Activity: Since only the words are wanted, reproduce every entry exactly and leave the images behind.

Entries taken from a collection
-------------------------

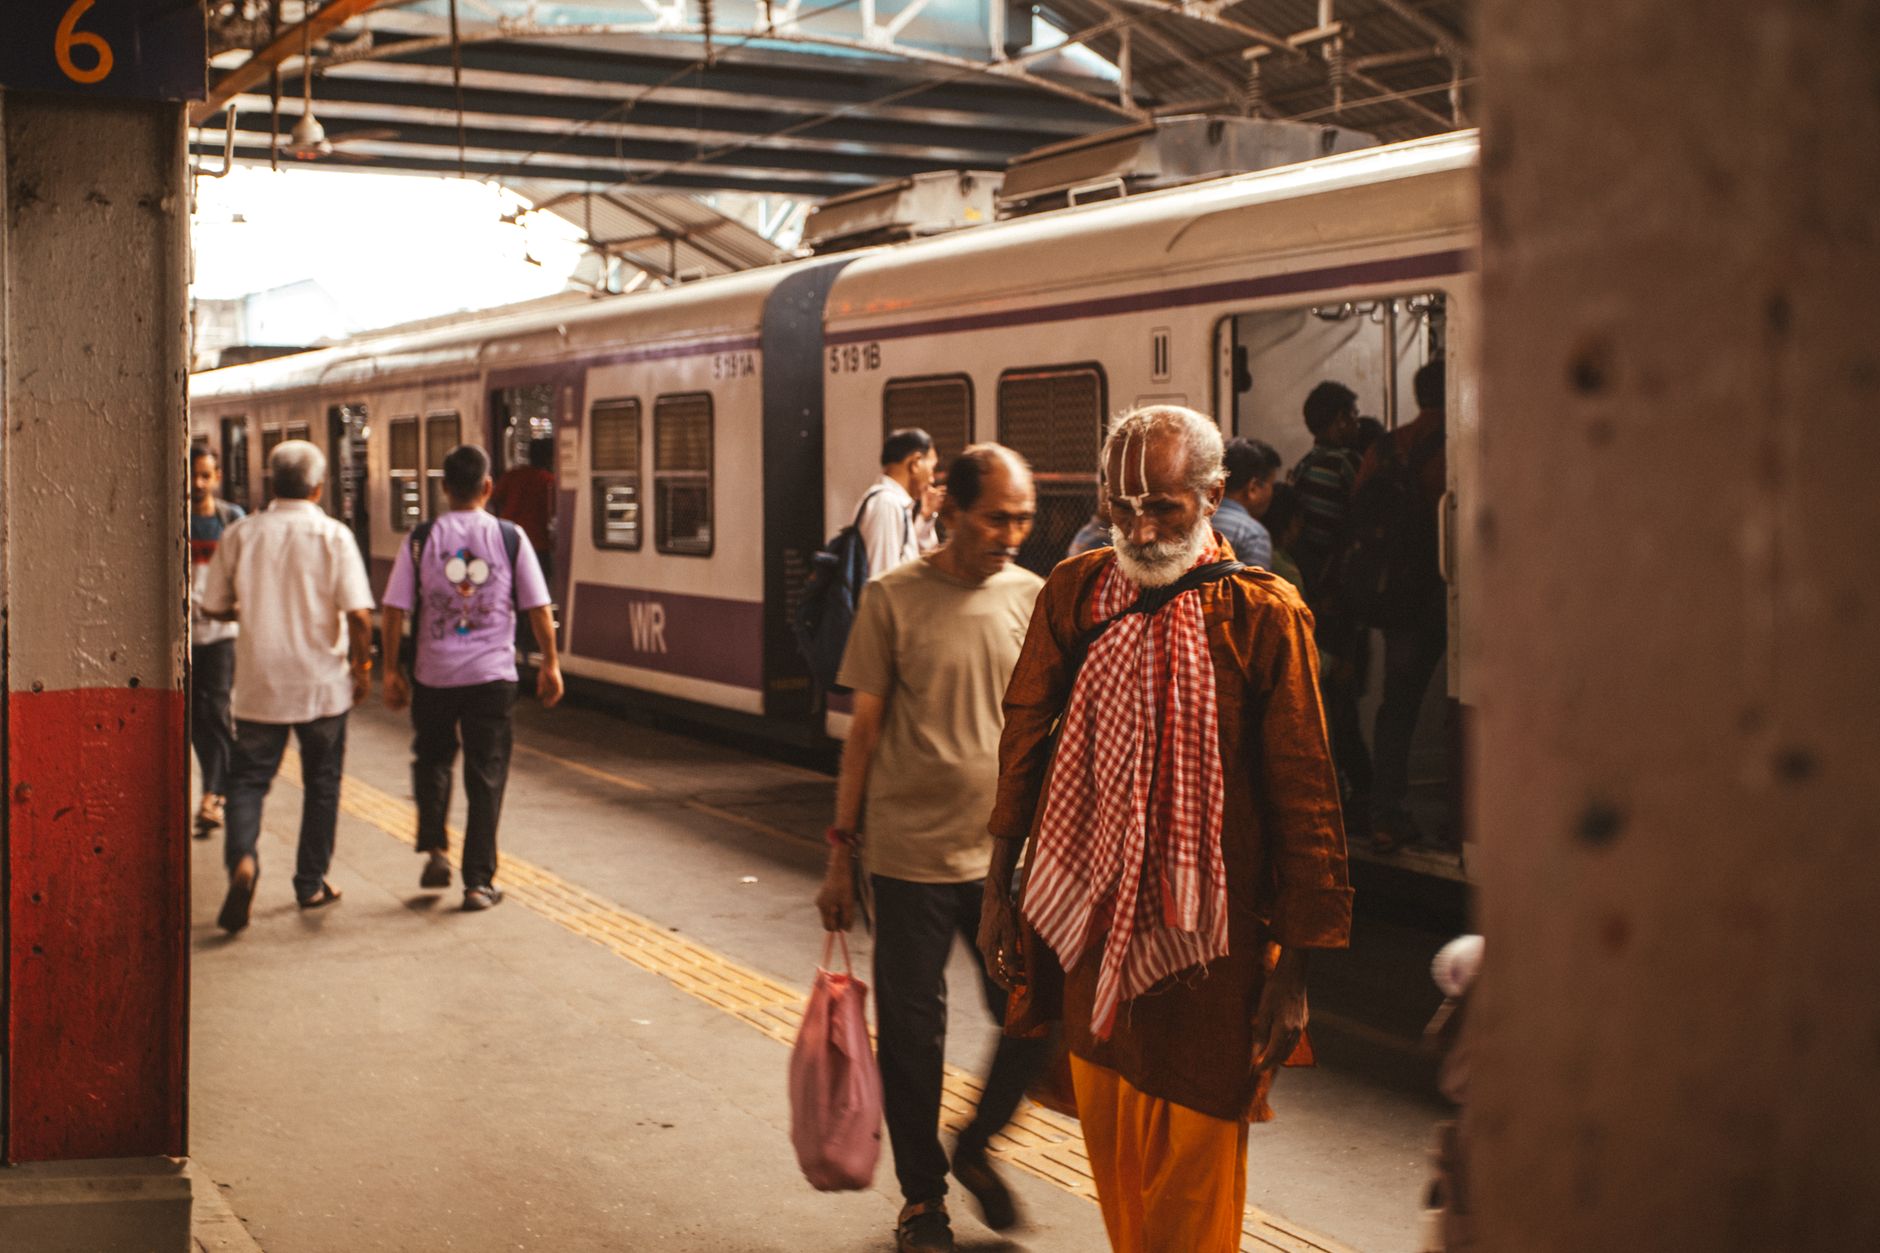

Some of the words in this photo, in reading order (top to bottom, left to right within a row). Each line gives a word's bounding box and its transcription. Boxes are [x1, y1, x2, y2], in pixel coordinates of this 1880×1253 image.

[54, 0, 114, 84] 6
[830, 341, 882, 374] 5191B
[628, 602, 669, 654] WR
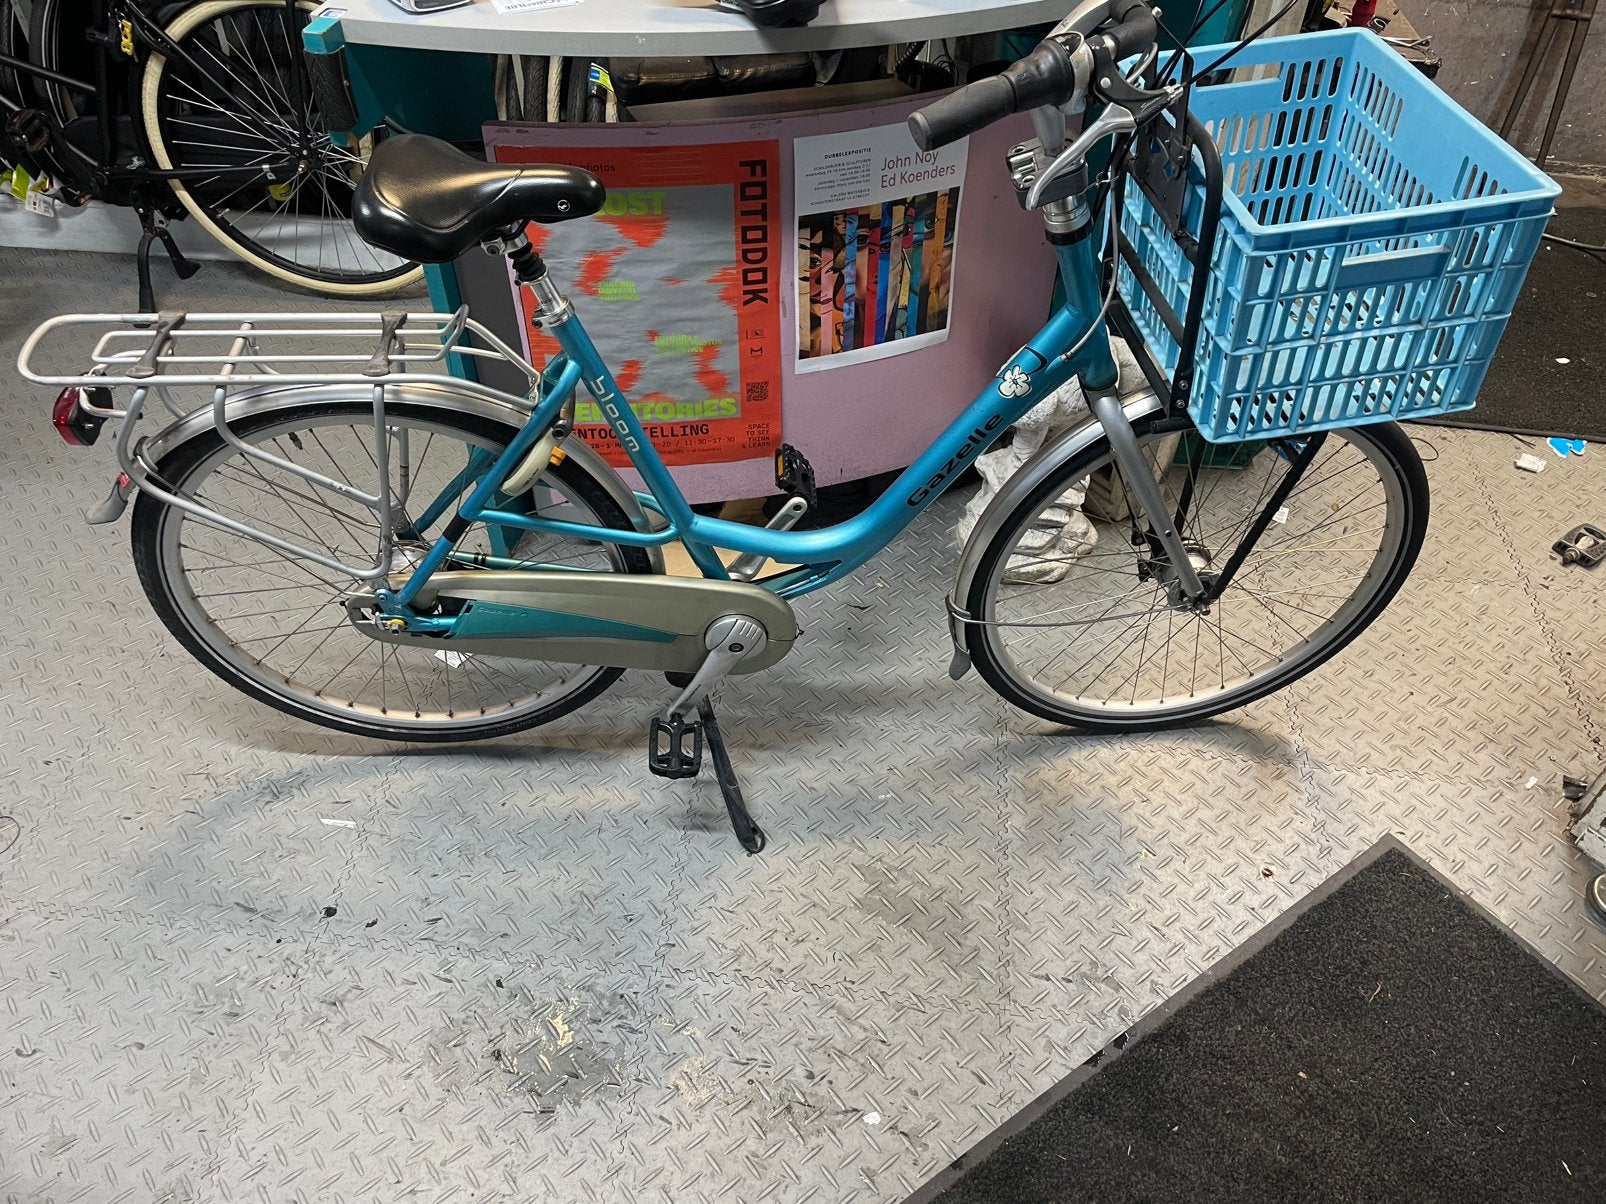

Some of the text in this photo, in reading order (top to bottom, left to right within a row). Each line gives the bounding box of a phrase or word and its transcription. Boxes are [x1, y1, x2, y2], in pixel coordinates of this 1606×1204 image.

-------------------------

Answer box:
Some of the words in this photo, in reading order (top to bottom, left to right within a row). Each line gives a word's bounding box and its transcription. Boxes are [x1, y1, x2, y2], in pixel coordinates of this 1880×1253 image.

[54, 0, 114, 84] 6
[830, 341, 882, 374] 5191B
[628, 602, 669, 654] WR

Some of the text in this photo, in reading order (top to bottom, left to right within a row). Each line gives the bounding box of a phrase or word and its transcription. Boxes are [x1, y1, x2, y2], in pixel coordinates of this 1606×1204 image.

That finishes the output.